● **DIRECTIONS**:
Would you mind restating all of the records word for word, skipping the pictures?

● **DATA FOR THIS EXERCISE**:
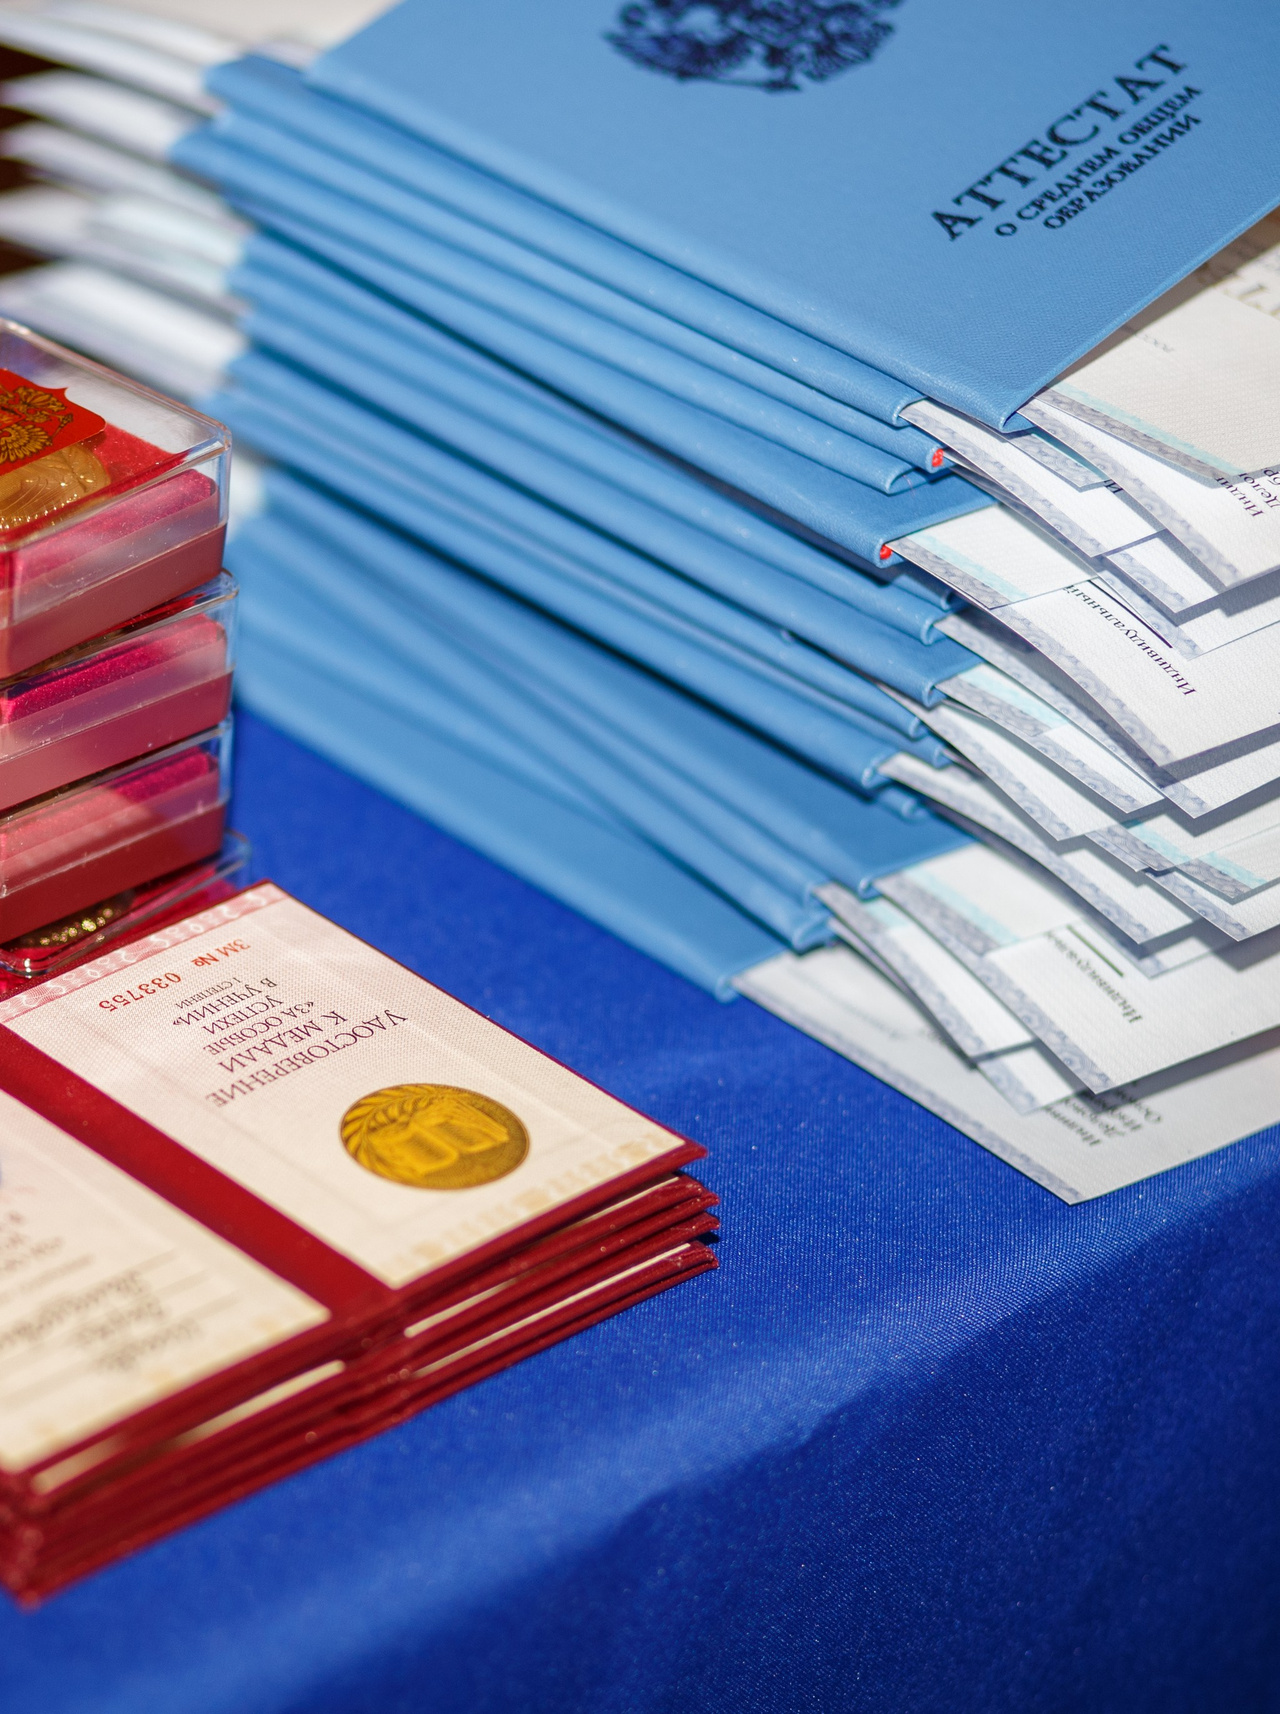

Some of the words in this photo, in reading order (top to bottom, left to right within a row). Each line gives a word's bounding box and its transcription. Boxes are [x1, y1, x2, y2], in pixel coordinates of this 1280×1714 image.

[931, 43, 1189, 242] АТТЕСТАТ
[994, 222, 1019, 238] О
[1015, 145, 1121, 221] СРЕДНЕМ
[1117, 85, 1203, 146] ОБЩЕМ
[1042, 112, 1203, 230] ОБРАЗОВАНИИ
[1062, 584, 1197, 696] Индивидуальный
[98, 971, 183, 1013] 033755
[175, 980, 234, 1010] СТЕПЕНИ
[259, 976, 278, 989] В
[172, 983, 263, 1026] УЧЕНИИ»
[202, 994, 284, 1035] УСПЕХИ
[280, 1000, 315, 1020] «ЗА
[320, 1010, 349, 1026] К
[203, 1015, 283, 1056] ОСОБЫЕ
[217, 1020, 324, 1074] МЕДАЛИ
[206, 1008, 409, 1108] УДОСТОВЕРЕНИЕ
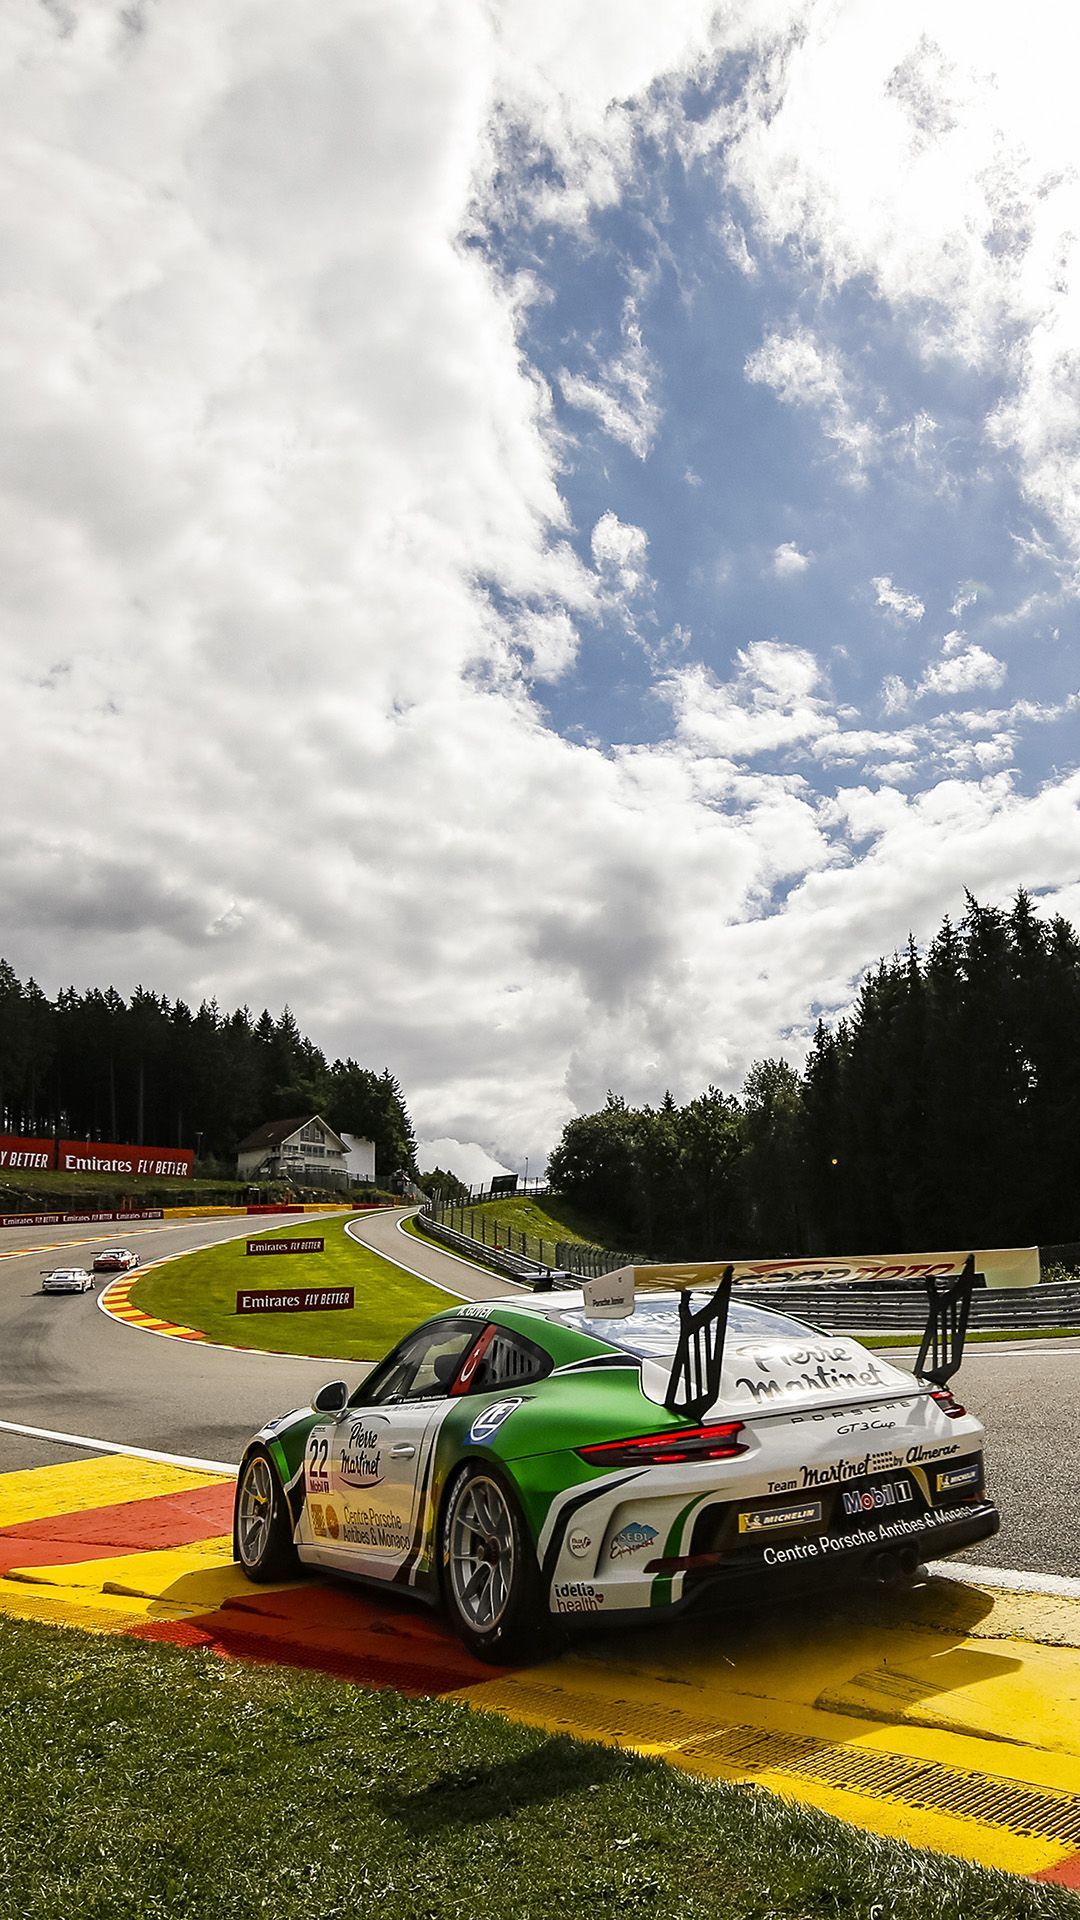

● **RESPONSE TO THE TASK**:
Some of the words in this photo, in reading order (top to bottom, left to right within a row). Each line gives a word's bounding box and its transcription. Boxes are [x1, y1, x2, y2], in pixel coordinates of this 1280×1714 image.

[931, 43, 1189, 242] АТТЕСТАТ
[994, 222, 1019, 238] О
[1015, 145, 1121, 221] СРЕДНЕМ
[1117, 85, 1203, 146] ОБЩЕМ
[1042, 112, 1203, 230] ОБРАЗОВАНИИ
[1062, 584, 1197, 696] Индивидуальный
[98, 971, 183, 1013] 033755
[175, 980, 234, 1010] СТЕПЕНИ
[259, 976, 278, 989] В
[172, 983, 263, 1026] УЧЕНИИ»
[202, 994, 284, 1035] УСПЕХИ
[280, 1000, 315, 1020] «ЗА
[320, 1010, 349, 1026] К
[203, 1015, 283, 1056] ОСОБЫЕ
[217, 1020, 324, 1074] МЕДАЛИ
[206, 1008, 409, 1108] УДОСТОВЕРЕНИЕ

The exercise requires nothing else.